Isn't there going to be some sort of Unix failure in like 2038? How can it be the future if that's true?
If there is anything that drives me insane, it's people dribling on about what OS they use. Dude, it doesn't matter like it used to 20-30 years ago, we're past the OS era and what Linux or Unix really needs is some good quality, easy to use applications that complement a great graphics engine. Changing the OS is highly unlikely to change the success of a particular system, but changing how you think will...

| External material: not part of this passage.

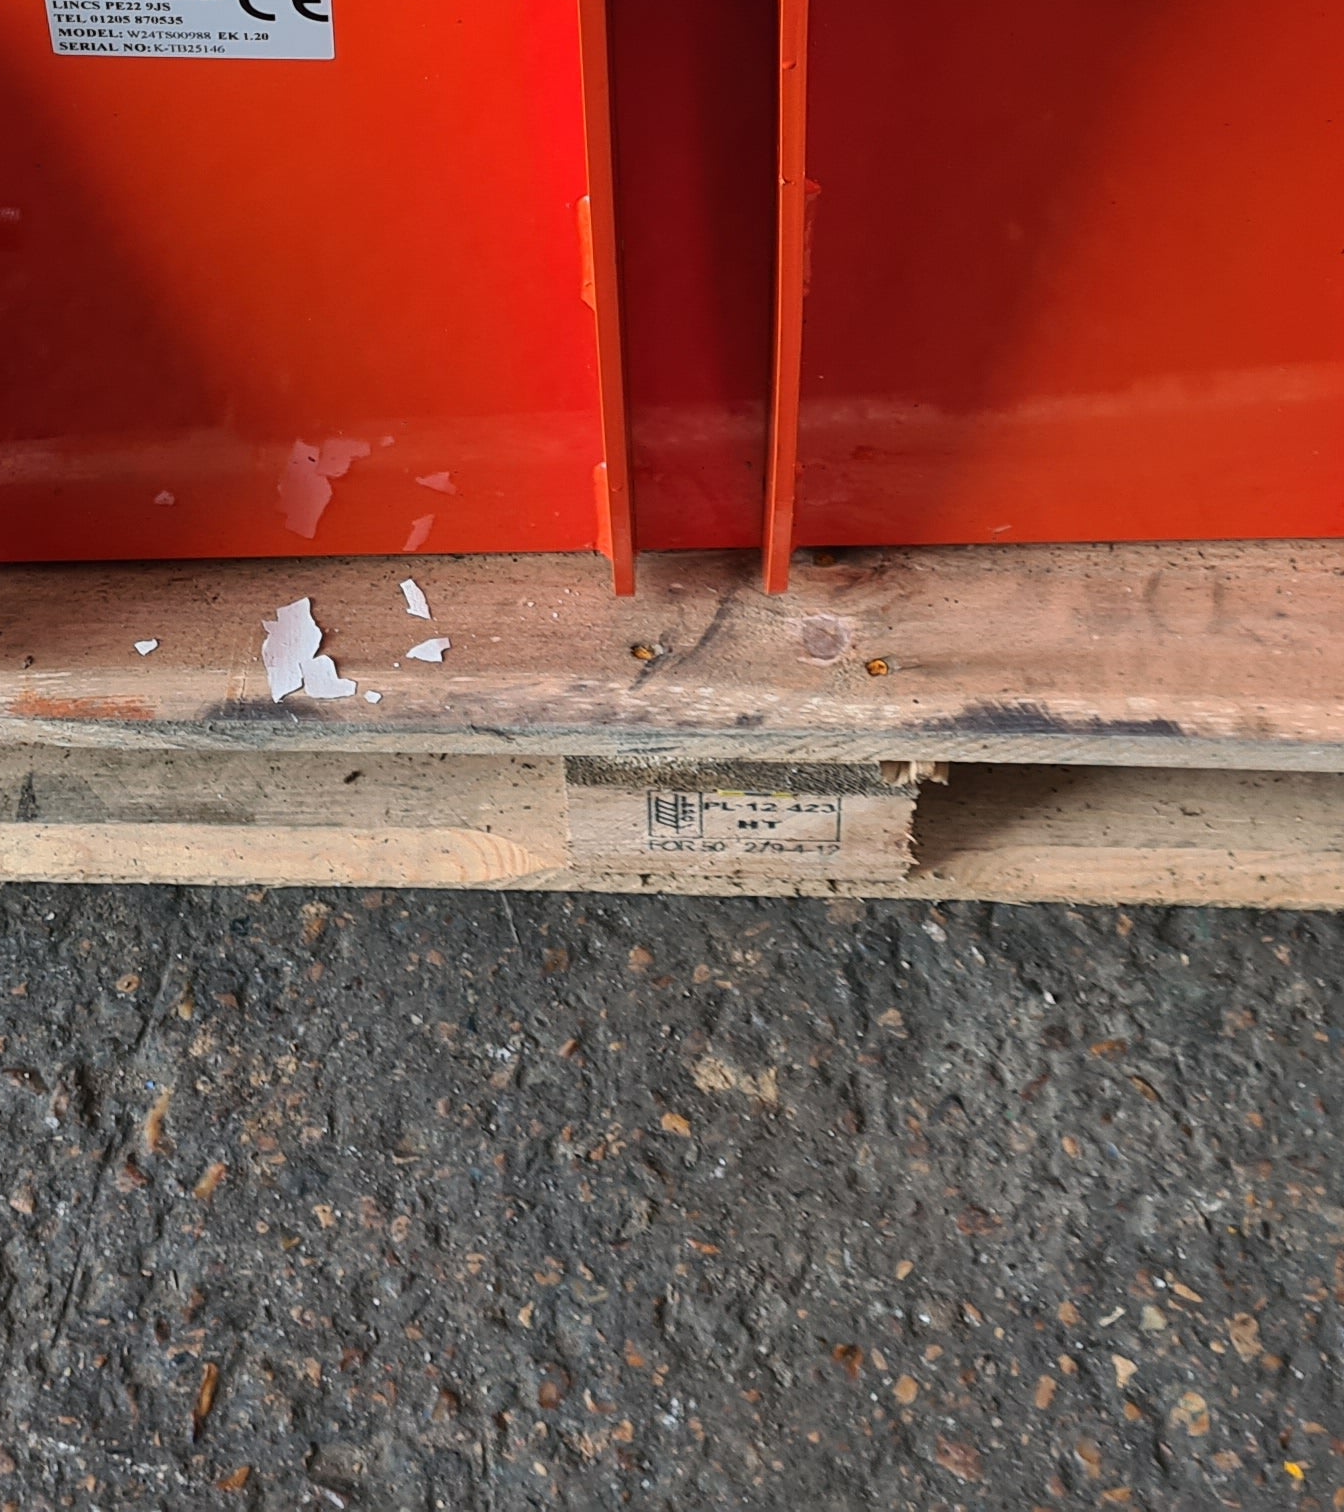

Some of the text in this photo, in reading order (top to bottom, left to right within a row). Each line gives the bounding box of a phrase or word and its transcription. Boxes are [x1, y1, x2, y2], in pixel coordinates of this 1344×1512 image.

Microsoft's platform is the standard because they focused on the business of the software products market. They promised something to independent software vendors and delivered it-- a single platform that any developer no matter how big or small can target. At the same time they pushed hard to get this platform on as many PCs as possible, breaking kneecaps along the way when necessary.
They achieved a form of write once run anywhere. In 1985.
It does not matter what's under the hood, it mattered that the ISV only had to write one binary and not have to spend the money supporting two dozen incompatible platforms. Even Java cannot match this (I know, because I have to deal with it).
Today there must be half a billion PCs that the ISV can generate one single binary for, and with that you've covered what, 90% of the market?
Linux needs to offer big marketshare (doesn't have) and good developer support (has, sorta) for ISVs to care about it, because Microsoft proved that most ISVs won't bother targetting more than one major platform.
One need only look over this book and do six months of desktop end-user support on Windows to see how insane an idea it is that Unix of any kind is going to win in the market over Windows as long as the Unix community remains ruled by sadomasochistic techie dweebs who love things based on how hard they are which is the exact opposite of the attitude that has allowed Microsoft and AOL to prosper and thrive in the common end-user market.
I love my FC3, but once again, don't mistake my technical abilities and the chance to flex them each day on it for meaning that everyone is going to take to it like a fish to water.
Apple's OSX most definitely is the best Unix-ish distribution ever conceived, built, and sold to end-users without any doubt in my mind. But do the Linux geeks get it as to why? No, they try mightily to avoid the BSD-ish ancestry of it and sit there wishing this beautiful *nix-style OS with such wonderful design and construction were a Linux distro.
Won't happen. Linux is dominated by the sort of people on whom it is still lost that ease of use, administration, and support are paramount over everything else for end-users. Windows XP and Mac OSX give them what Linux never will as long as the current crop of leaders and movers and shakers controls the Linux scene.
If my grammar and spelling are off, I am [distracted/tired/careless] (take your pick)
Is that programmers like to develop for an open source system. It's easier that way, and if they release their code as OSS, it just keeps building. People always ask me, "How do I do X?" where X is a semi-difficult task. I always find myself saying, "Well, I'd do it with this program in Linux, it would take about 5 minutes. The windows equivilent, on the other hand, takes the afternoon to figure out and get right." If there are any moderately useful programs for windows, they are usually cheap payware or annoying shareware. The reason that UNIX/Linux/BSD/OS X will work is that you can do almost anything for free.
It might be BSD, it might be Linux, it might be some third thing
So, its either option A, or option B, or an option C which can be anything.
He has given himself quite a bit of leeway there.
If Marshmallows evolve into the dominant lifeform on this planet, his dying breath will be, I was right I tell ya!!! Its the third thing!!